Lilly Dancyger is an American author born in New York. She is the author of First Love: Essays on Friendship and Negative Space, and editor of the anthology Burn It Down: Women Writing About Anger. Her essays have been published by The New York Times, [1] Elle, [2] Slate, [3] and Brevity, [4] among other outlets. She writes the newsletter The Word Cave. [5]
Dancyger received an Artist Fellowship in Creative Nonfiction from the New York Foundation for the Arts, [6] and was named a "Writer to Watch" by BookPage. [7] Her memoir Negative Space was selected by Carmen Maria Machado as a winner of the Santa Fe Writers Project Literary Awards. [8]
Dancyger grew up in New York City and the San Francisco Bay Area.

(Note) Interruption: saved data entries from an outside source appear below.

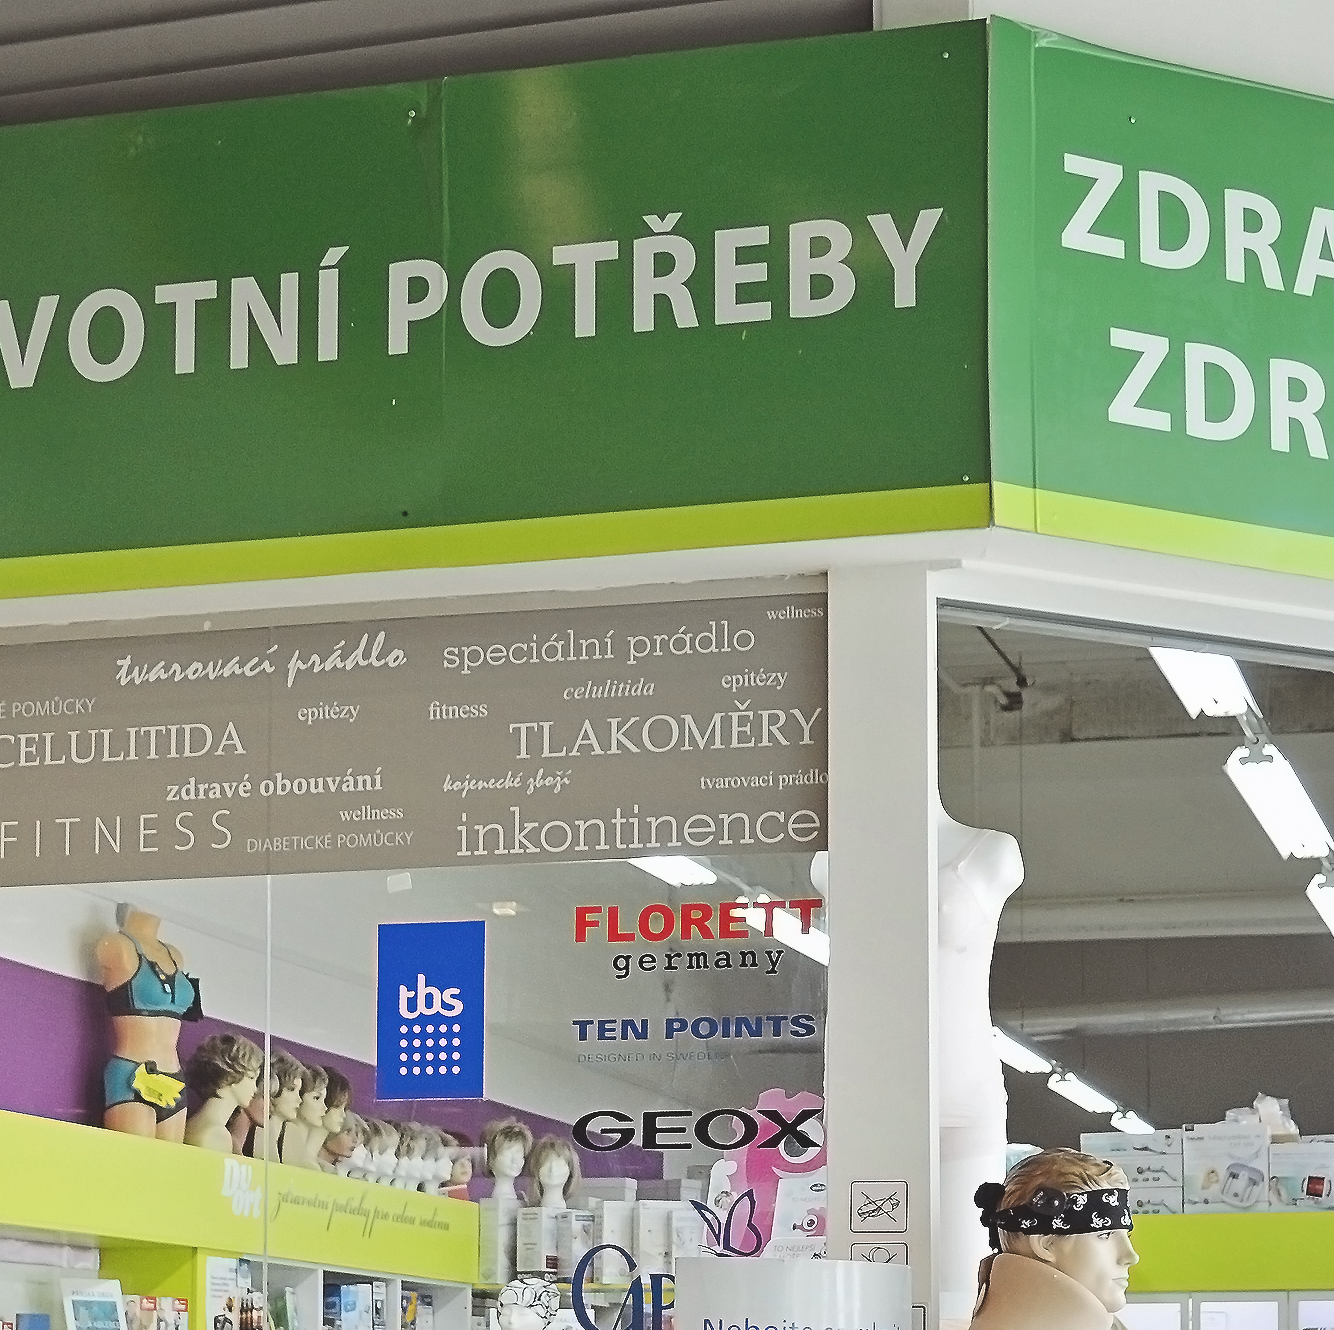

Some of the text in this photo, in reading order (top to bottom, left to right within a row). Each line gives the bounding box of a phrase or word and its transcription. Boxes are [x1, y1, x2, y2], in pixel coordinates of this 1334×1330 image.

[388, 208, 944, 356] POTŘEBY
[766, 604, 824, 620] wellness
[115, 631, 407, 688] tvarovací prádlo
[442, 621, 756, 674] speciální prádlo
[563, 678, 656, 701] celulitida
[721, 668, 788, 694] epitézy
[10, 697, 96, 720] POMŮCKY
[297, 700, 360, 725] epitézy
[428, 698, 488, 722] fitness
[509, 700, 821, 758] TLAKOMĚRY
[166, 766, 383, 801] zdravé obouvání
[442, 767, 572, 794] kojenecké zboží
[699, 767, 828, 790] tvarovací prádlo
[339, 803, 404, 822] wellness
[0, 809, 233, 859] FITNESS
[247, 828, 414, 852] DIABETICKÉ POMŮCKY
[456, 805, 820, 857] inkontinence
[574, 898, 823, 943] FLORETT
[612, 947, 784, 979] germany
[398, 974, 464, 1020] tbs
[571, 1014, 817, 1041] TEN POINTS
[577, 1052, 645, 1064] DESIGNED
[571, 1108, 825, 1151] GEOX

She dropped out of Bard High School Early College at the age of 14 [9] and earned a GED. She later graduated from Eugene Lang College of Liberal Arts with a BA in Literary Studies and received an MA in Journalism from the Columbia University Graduate School of Journalism.
Dancyger was the Memoir Editor at Narratively from 2014-2020, [10] during which time she also worked as a freelance journalist, writing for outlets such as Rolling Stone, [11] Glamour, [12] The Cut, [13] and others.
Her 2021 memoir Negative Space details her investigation into her father's life, who had an addiction to heroin and died prematurely, through the art he created. [14] Gabino Iglesias from NPR and Claire Rudy Foster from The Rumpus both praised the work's nonlinear narrative and exploration of grief. [15] [16]
Ann Levin from Associated Press described her 2024 work First Love: Essays on Friendship as "vivid, thoughtful, and nuanced." [17] Julia Shipley from The Philadelphia Inquirer also gave the collection a positive review. [18]
She currently teaches creative nonfiction in the MFA programs at Randolph College [19] and Columbia University School of the Arts. [20]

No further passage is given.